The law still lacks the political legitimacy to survive in the long term. And in a bid to increase that legitimacy, the administration has set two very dangerous precedents: It has convinced voters that no unpopular provisions should ever be allowed to take effect, and it has asserted an executive right to rewrite the law, which Republicans can just as easily use to unravel this tangled web altogether.
Many of the commentators I’ve read seem to think that the worst is over, as far as unpopular surprises. In fact, the worst is yet to come. Here’s what’s ahead:
· 2014: Small-business policy cancellations. This year, the small-business market is going to get hit with the policy cancellations that roiled the individual market last year. Some firms will get better deals, but others will find that their coverage is being canceled in favor of more expensive policies that don’t cover as many of the doctors or procedures that they want. This is going to be a rolling problem throughout the year.
· Summer 2014: Insurers get a sizable chunk of money from the government to cover any excess losses. When the costs are published, this is going to be wildly unpopular: The administration has spent three years saying that Obamacare was the antidote to abuses by Big, Bad Insurance Companies, and suddenly it’s a mechanism to funnel taxpayer money to them?
· Fall 2014: New premiums are announced.
· 2014 and onward: Medicare reimbursement cuts eat into hospital margins, triggering a lot of lobbying and sad ads about how Beloved Local Hospital may have to close.
· Spring 2015: The Internal Revenue Service starts collecting individual mandate penalties: 1 percent of income in the first year. That’s going to be a nasty shock to folks who thought the penalty was just $95. I, like many other analysts, expect the administration to announce a temporary delay sometime after April 1, 2014.
· Spring 2015: The IRS demands that people whose income was higher than they projected pay back their excess subsidies. This could be thousands of dollars.
· Spring 2015: Cuts to Medicare Advantage, which the administration punted on in 2013, are scheduled to go into effect. This will reduce benefits currently enjoyed by millions of seniors, which is why they didn’t let them go into effect this year.
· Fall 2015: This is when expert Bob Laszewski says insurers will begin exiting the market if the exchange policies aren’t profitable.
· Fall 2017: Companies and unions start learning whether their plans will get hit by the “Cadillac tax,” a stiff excise tax on expensive policies that will hit plans with generous benefits or an older and sicker employee base. Expect a lot of companies and unions to radically decrease benefits and increase cost-sharing as a result.

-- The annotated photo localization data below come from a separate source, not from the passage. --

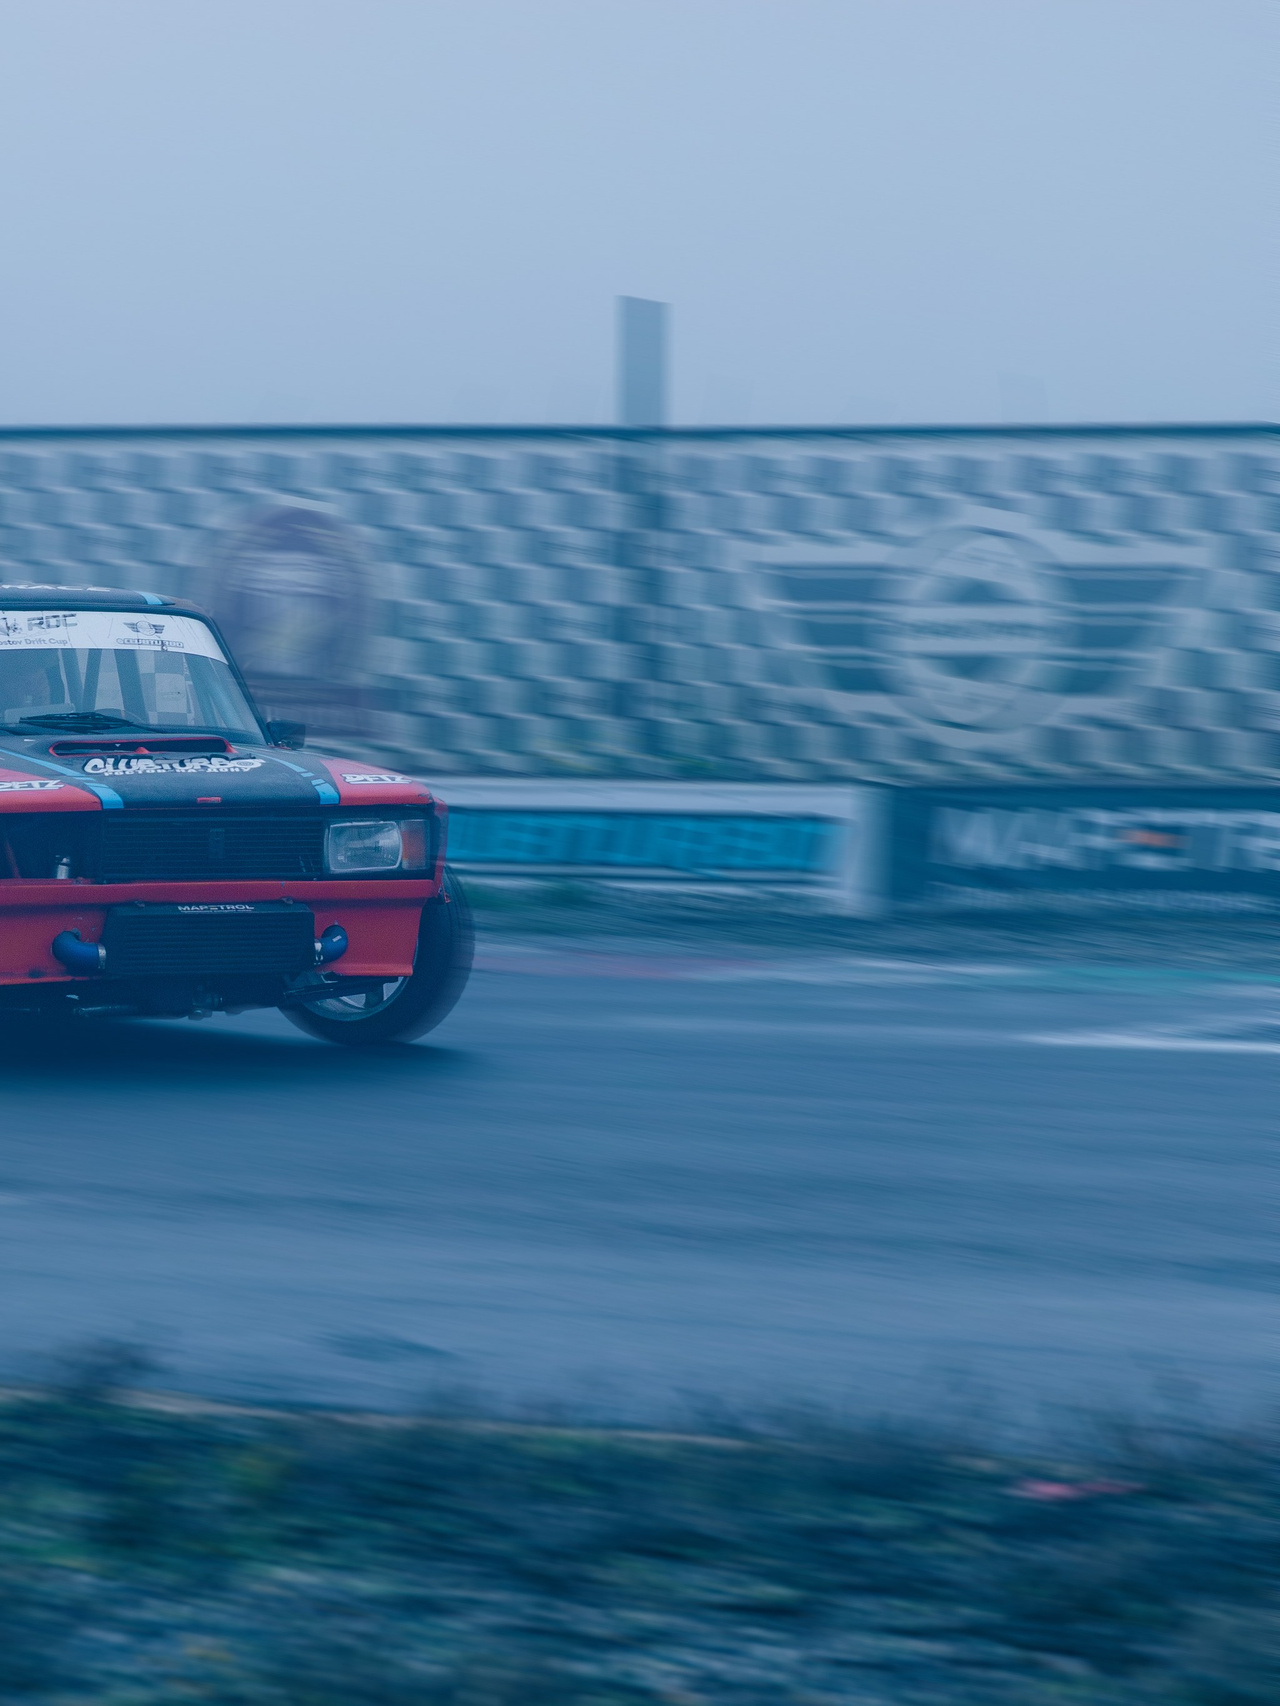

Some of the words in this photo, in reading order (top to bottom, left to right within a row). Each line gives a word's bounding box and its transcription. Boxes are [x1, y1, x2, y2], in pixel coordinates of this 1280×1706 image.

[24, 637, 46, 646] Drift
[48, 638, 69, 646] Cup
[84, 757, 266, 774] CLUBTURBO
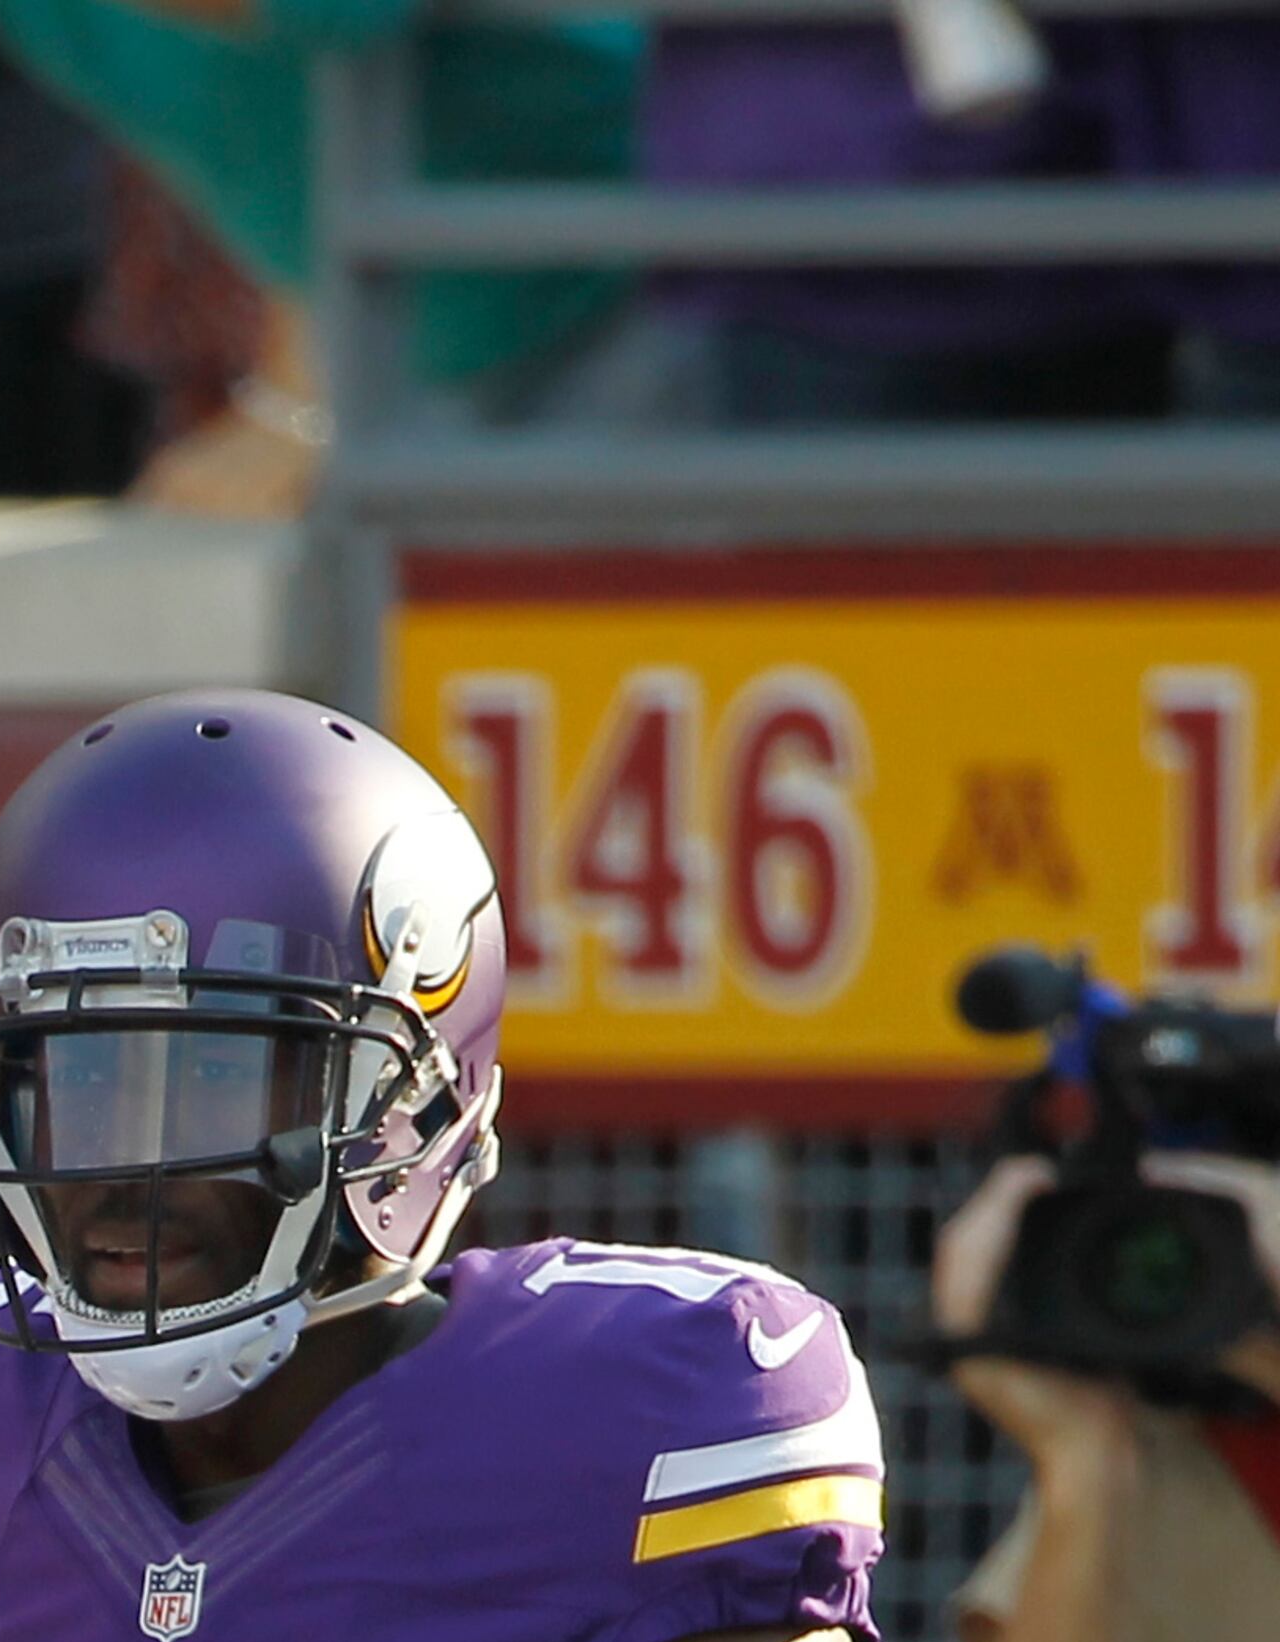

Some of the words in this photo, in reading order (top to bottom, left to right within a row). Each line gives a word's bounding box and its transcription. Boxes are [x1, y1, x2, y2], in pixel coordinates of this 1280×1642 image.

[444, 664, 874, 1012] 146
[1142, 664, 1280, 992] 1
[149, 1595, 190, 1630] NFL
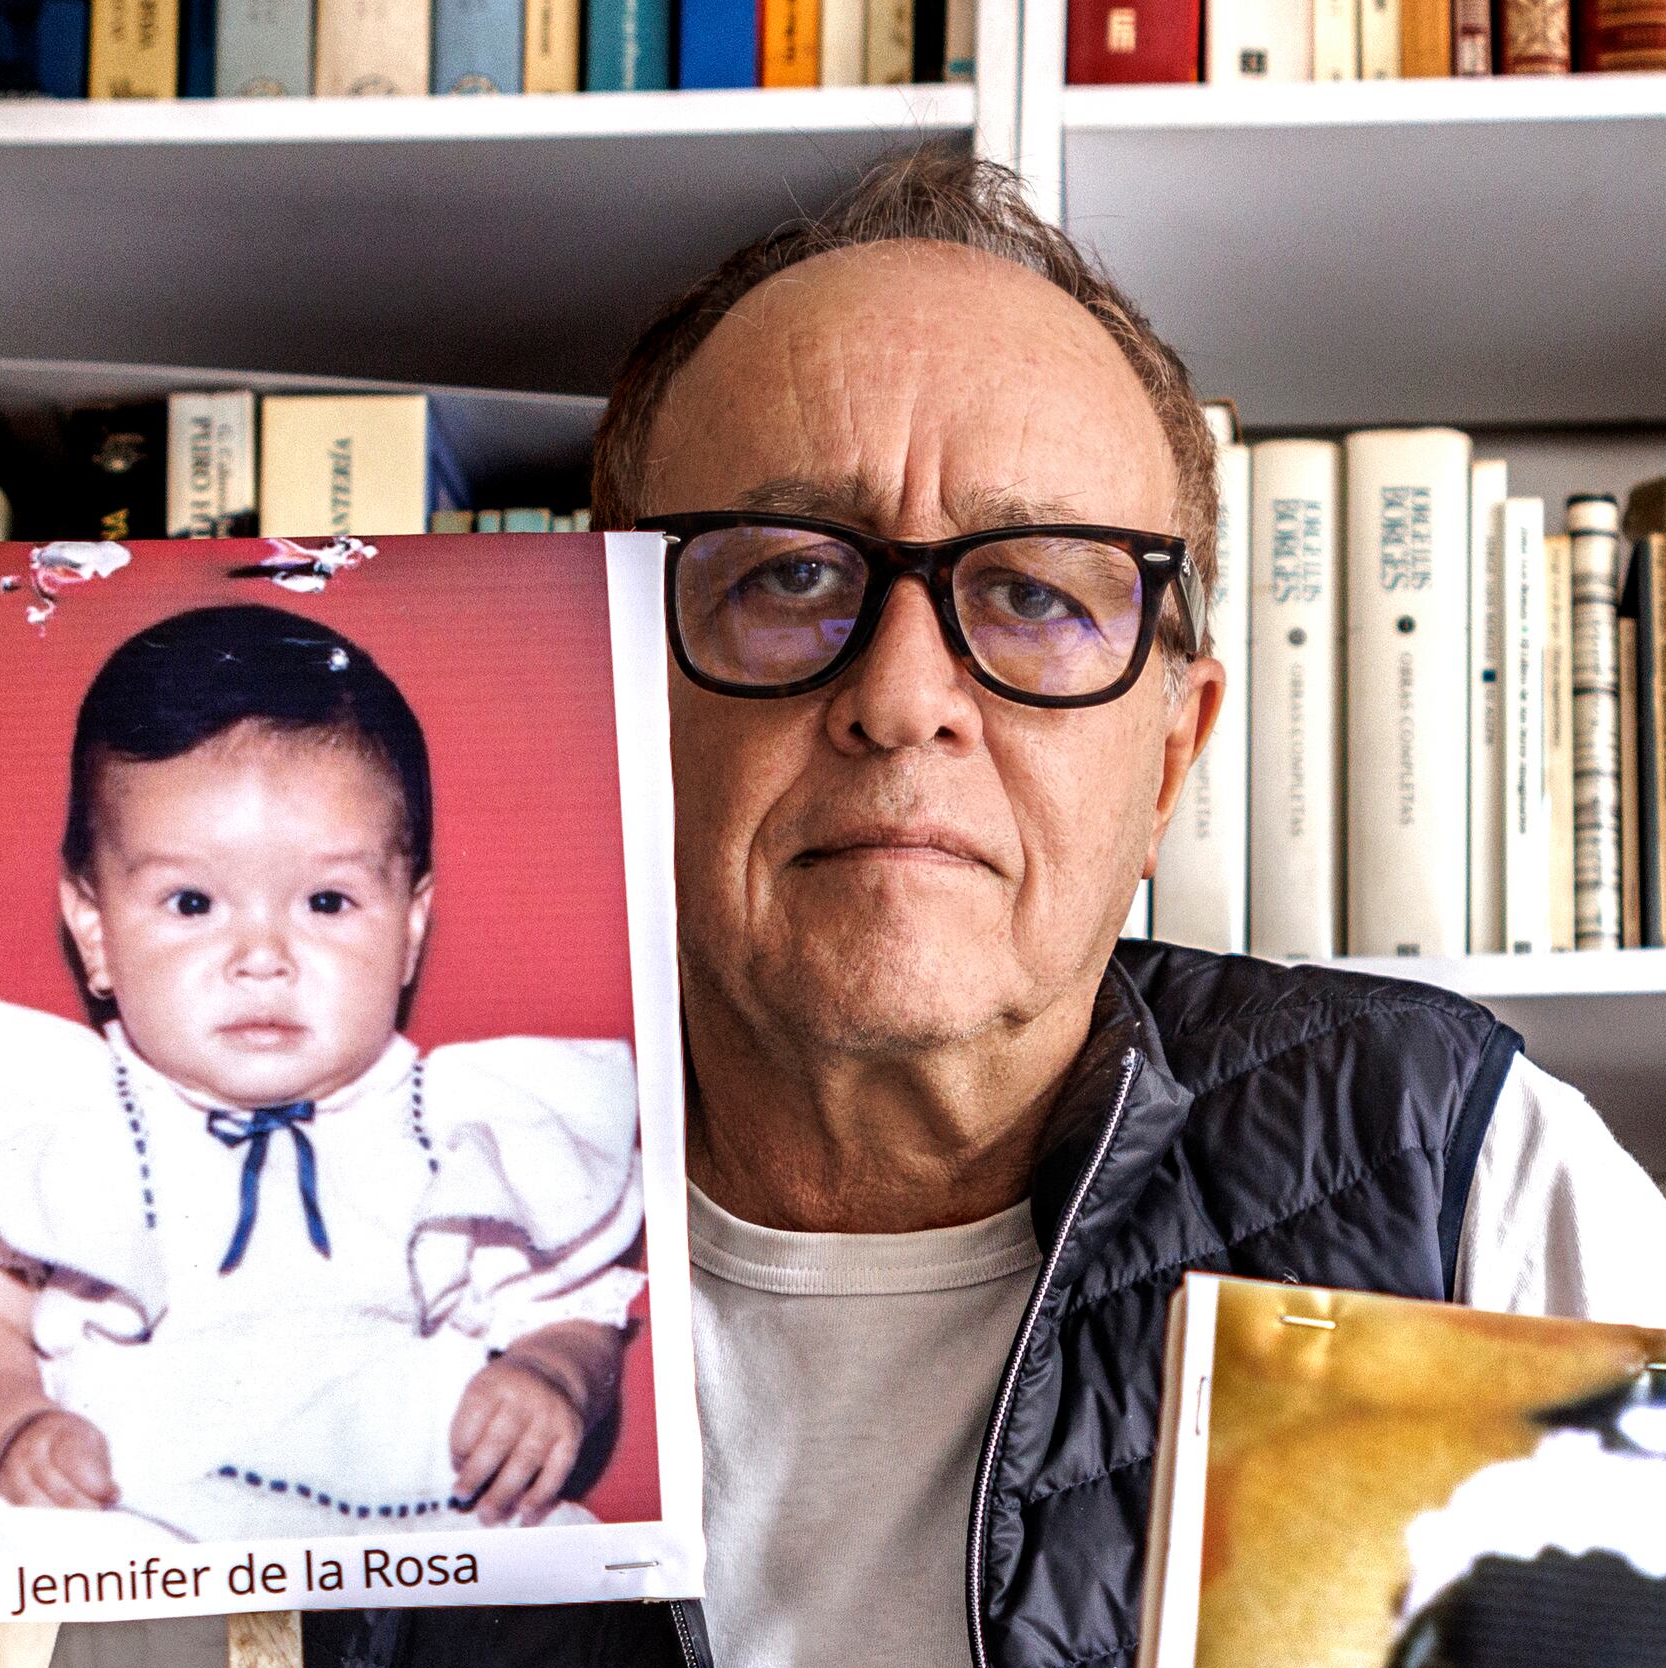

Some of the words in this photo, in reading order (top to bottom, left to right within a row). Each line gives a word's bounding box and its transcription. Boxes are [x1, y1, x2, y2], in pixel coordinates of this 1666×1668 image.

[1271, 499, 1302, 605] BORGES
[1379, 486, 1411, 592] BORGES
[1399, 651, 1416, 710] OBRAS
[1289, 726, 1305, 837] COMPLETAS
[1398, 715, 1416, 826] COMPLETAS
[12, 1556, 211, 1616] Jennifer
[227, 1552, 289, 1596] de
[303, 1549, 345, 1592] la
[364, 1548, 480, 1588] Rosa

· January 2018: The temporary risk-adjustment plans, which the administration is relying on to keep insurers in the marketplaces even if their customer pool is older and sicker than projected, run out. Now if insurers take losses, they just lose the money.
· Fall 2018: Buyers find out that subsidy growth is capped for next year’s premiums; instead of simply being pegged to the price of the second-cheapest silver plan, whatever that cost is, their growth is fixed. This will show up in higher premiums for families — and, potentially, in an adverse-selection death spiral.
Each of these is likely to trigger either public outcry or providers leaving the market (leading to public outcry). Policy analysts can say that this is unfortunate but necessary — that you can’t make an omelet without breaking eggs. Fair enough, but the administration has been manifestly unwilling to tell the eggs that. Instead, it’s emergency administrative fixes for everyone. And we sure can’t count on Republicans to save Obamacare by tackling the egg lobby.